⟨

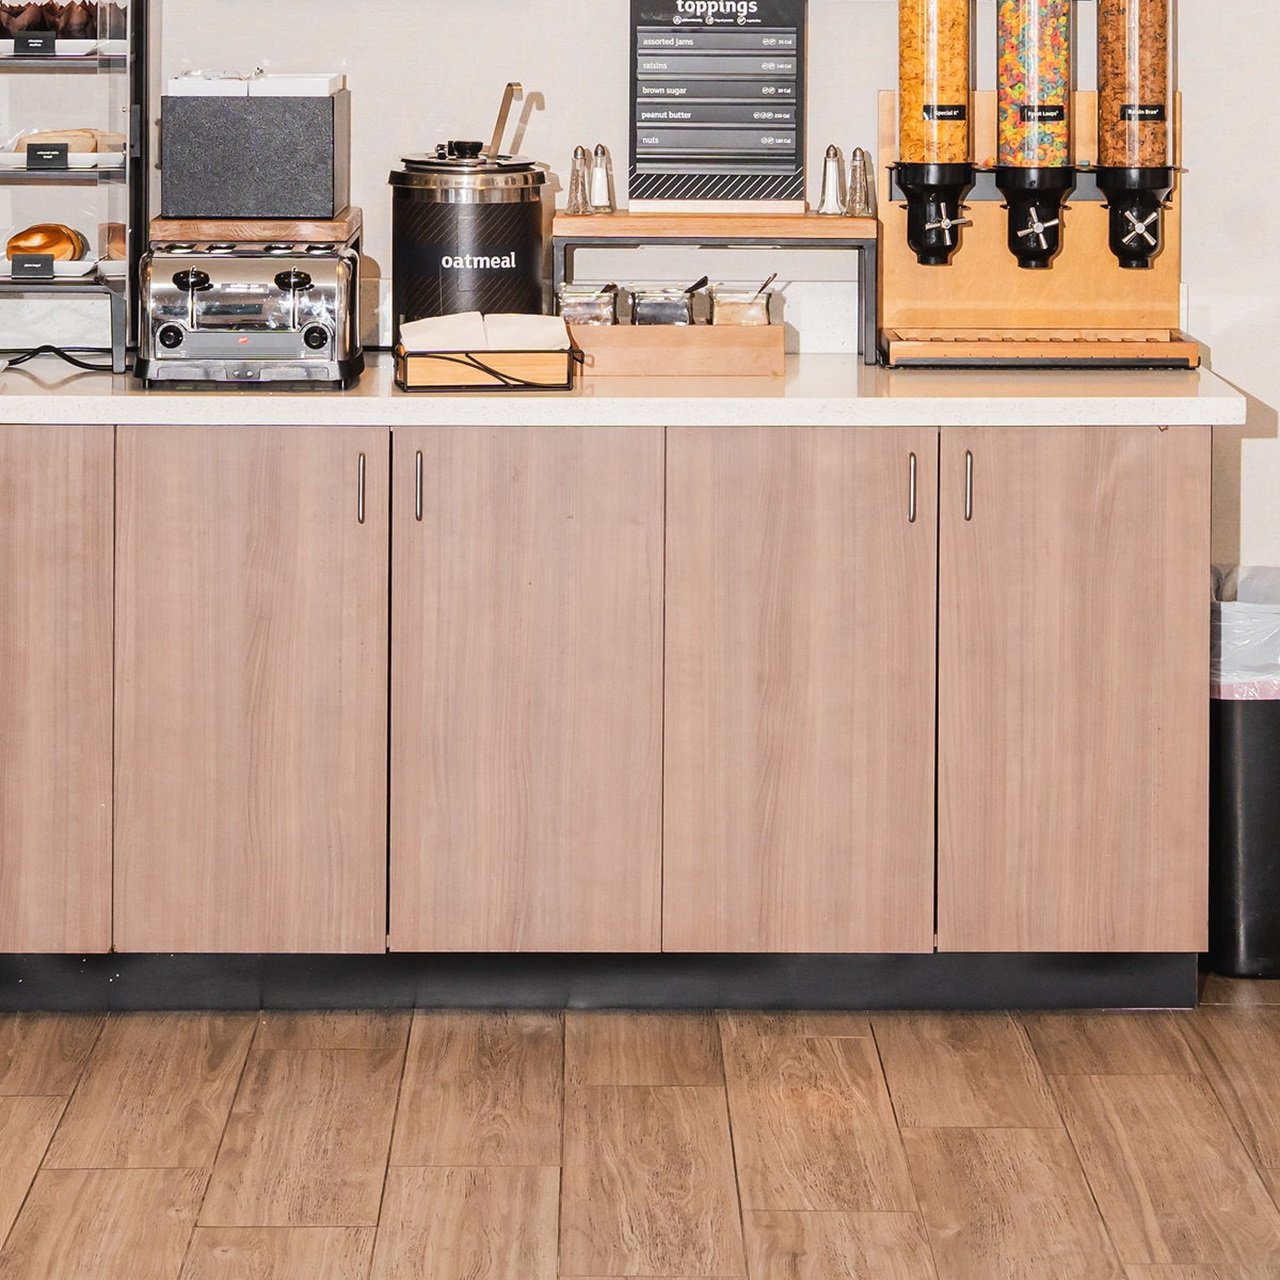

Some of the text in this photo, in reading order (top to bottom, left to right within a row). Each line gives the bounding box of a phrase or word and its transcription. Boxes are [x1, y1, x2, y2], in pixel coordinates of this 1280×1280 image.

[642, 37, 694, 48] assorted jams
[642, 61, 668, 70] raisins
[642, 86, 688, 96] brown sugar
[641, 110, 692, 120] peanut butter
[642, 136, 660, 145] nuts
[441, 252, 516, 269] oatmeal
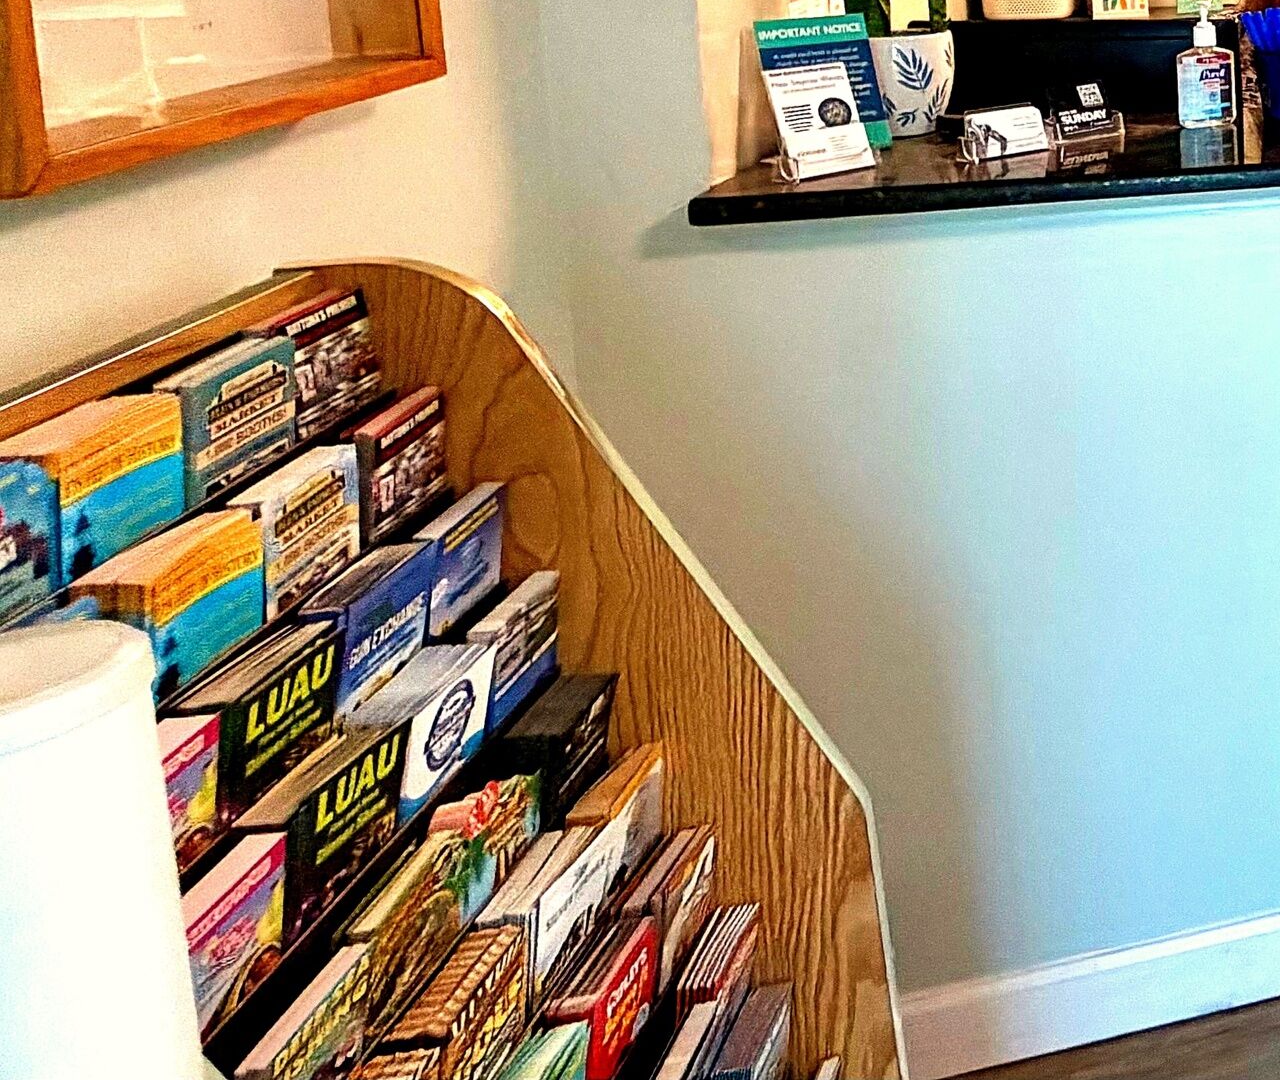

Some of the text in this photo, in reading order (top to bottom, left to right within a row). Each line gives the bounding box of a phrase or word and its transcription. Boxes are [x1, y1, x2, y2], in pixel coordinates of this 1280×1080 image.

[758, 22, 862, 41] IMPORTANT NOTICE
[1060, 109, 1107, 125] SUNDAY
[245, 644, 335, 745] LUAU
[315, 733, 400, 834] LUAU
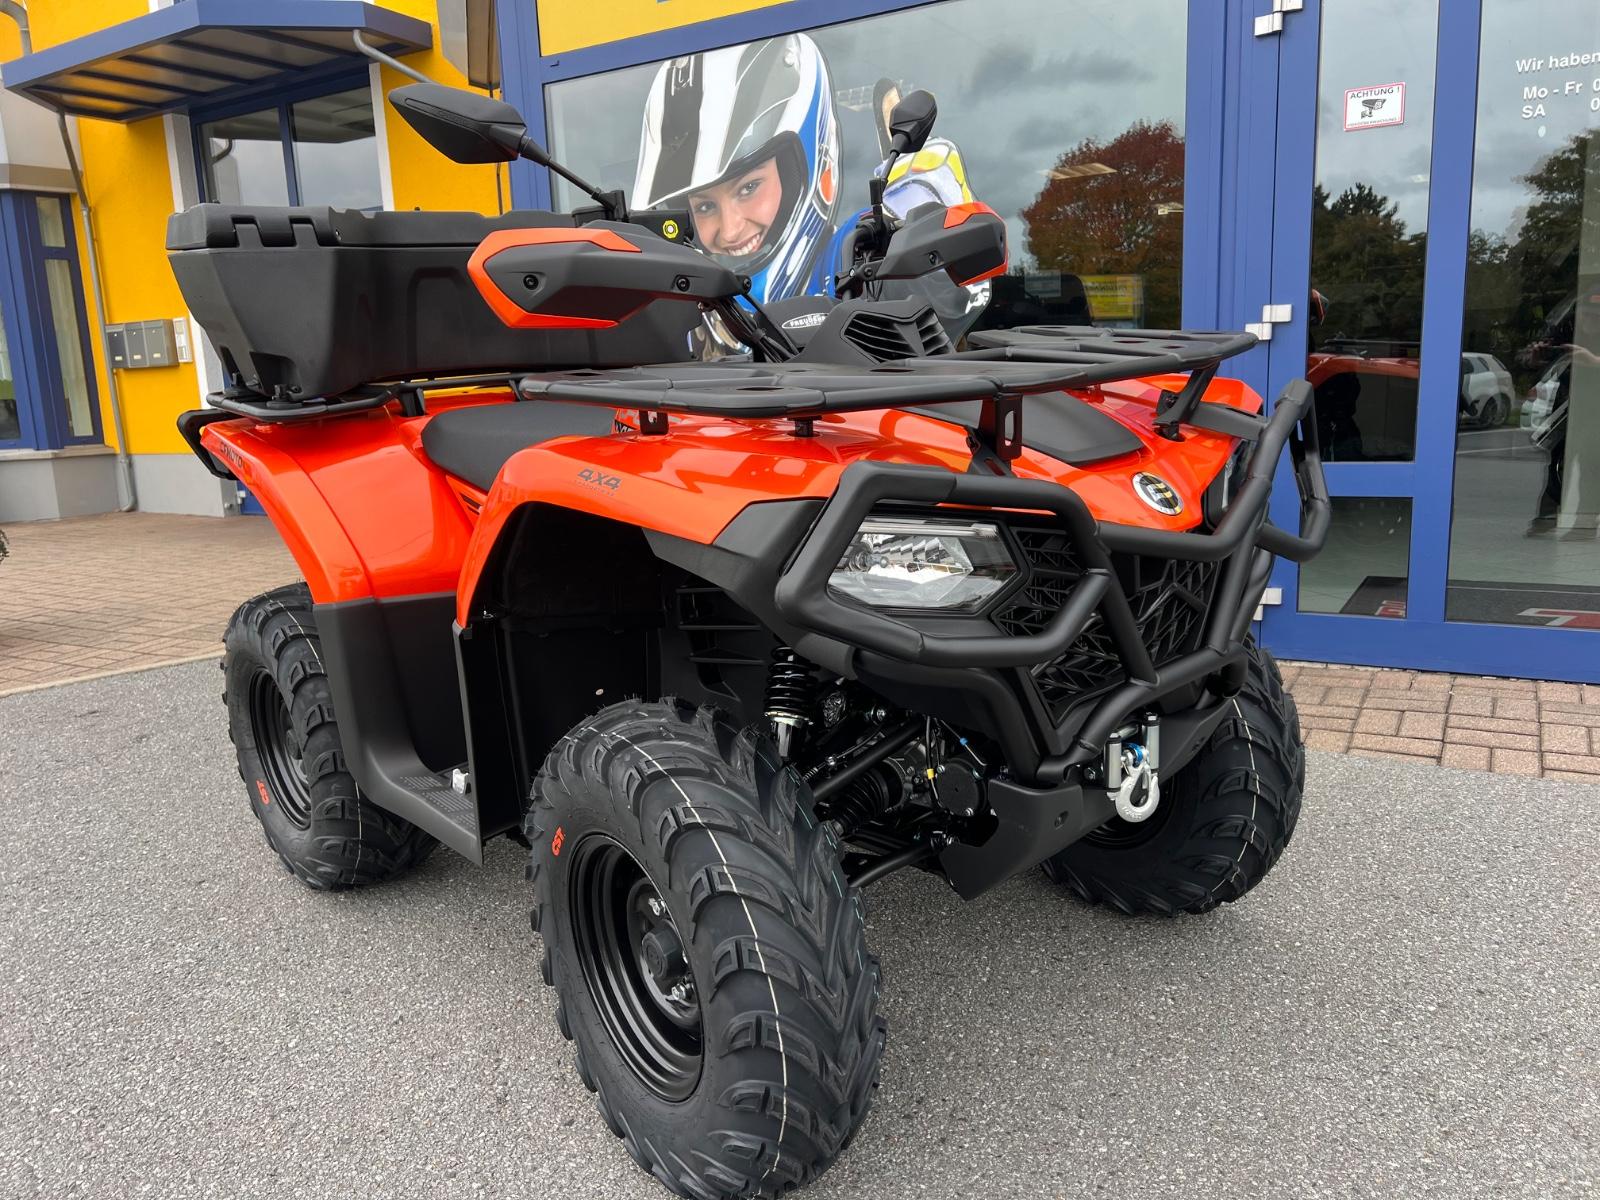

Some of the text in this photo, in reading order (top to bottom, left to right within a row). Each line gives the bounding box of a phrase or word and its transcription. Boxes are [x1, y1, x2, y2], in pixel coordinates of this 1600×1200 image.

[1516, 58, 1543, 73] Wir
[1350, 86, 1394, 99] ACHTUNG
[1523, 85, 1548, 100] Mo
[1565, 81, 1583, 95] Fr
[1522, 104, 1546, 119] SA
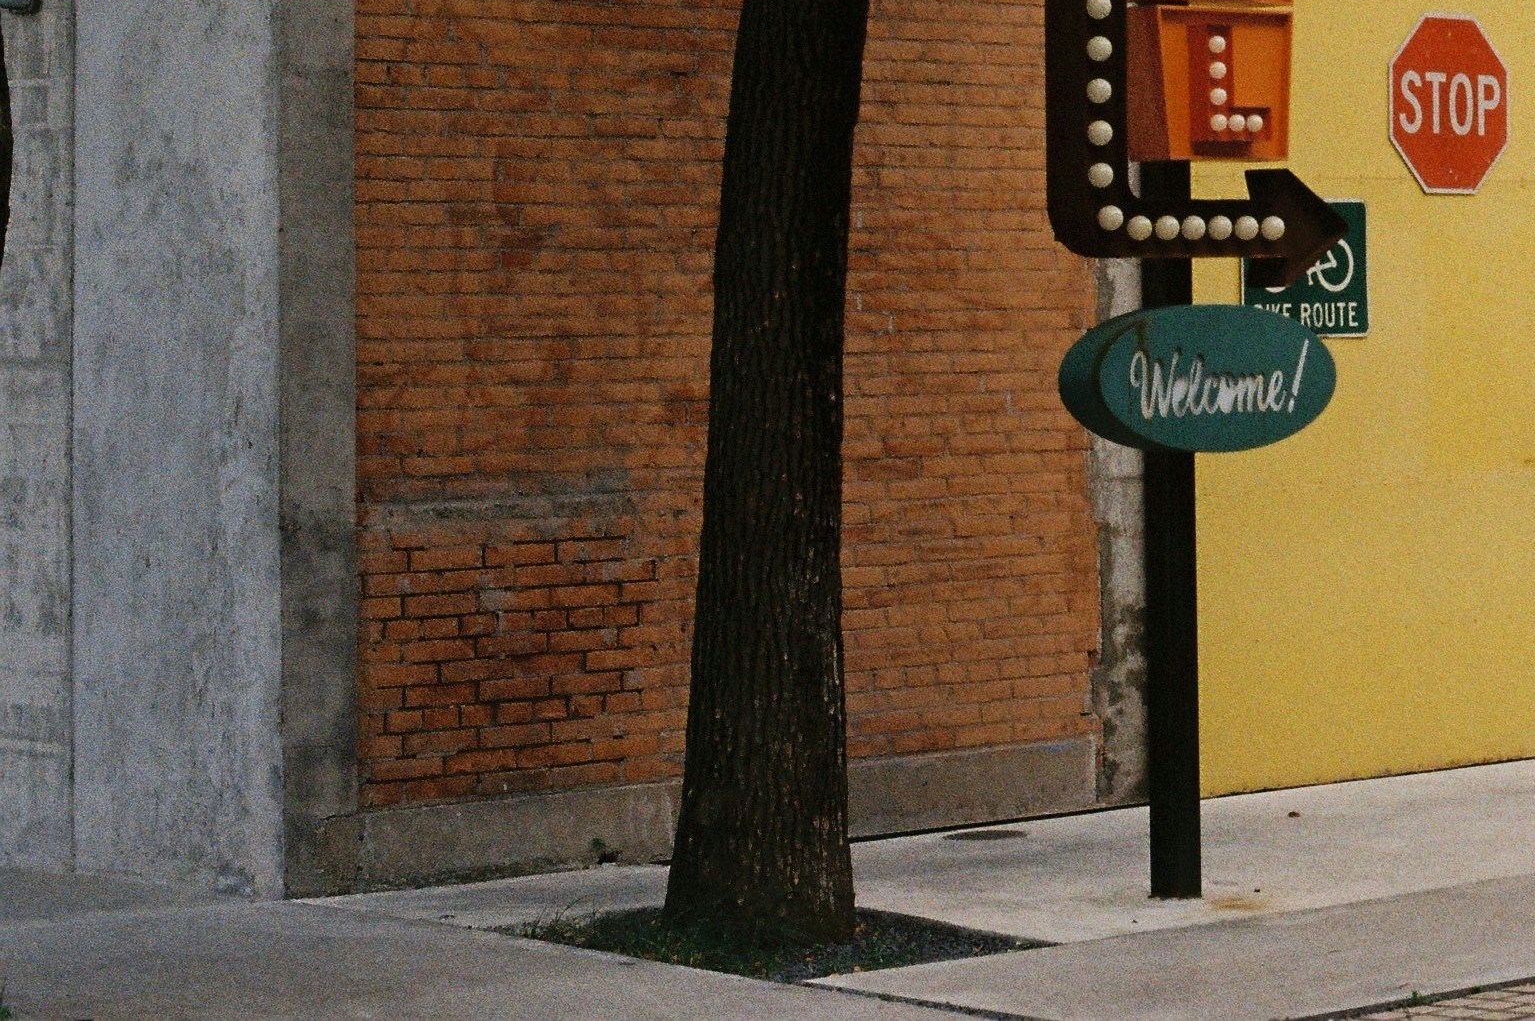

⟩

▶ ASSIGNED TASK: Give every record again without changing a word. Exclude the pictures.

▶ ANSWER SPACE:
Some of the text in this photo, in reading order (top to bottom, left to right within a row). Each line gives the bounding box of a phrase or word and its transcription. Boxes are [x1, y1, x2, y2], in pixel coordinates of this 1280×1280 image.

[642, 37, 694, 48] assorted jams
[642, 61, 668, 70] raisins
[642, 86, 688, 96] brown sugar
[641, 110, 692, 120] peanut butter
[642, 136, 660, 145] nuts
[441, 252, 516, 269] oatmeal

Some of the text in this photo, in reading order (top to bottom, left to right within a row). Each line gives the bounding box of a phrase or word and its transcription. Boxes are [x1, y1, x2, y2], in pixel coordinates of this 1280×1080 image.

[758, 22, 862, 41] IMPORTANT NOTICE
[1060, 109, 1107, 125] SUNDAY
[245, 644, 335, 745] LUAU
[315, 733, 400, 834] LUAU

Some of the text in this photo, in reading order (top to bottom, left to right within a row). Each line gives the bounding box of a phrase or word and its transcription. Boxes are [x1, y1, x2, y2], in pixel coordinates of this 1600×1200 image.

[1516, 58, 1543, 73] Wir
[1350, 86, 1394, 99] ACHTUNG
[1523, 85, 1548, 100] Mo
[1565, 81, 1583, 95] Fr
[1522, 104, 1546, 119] SA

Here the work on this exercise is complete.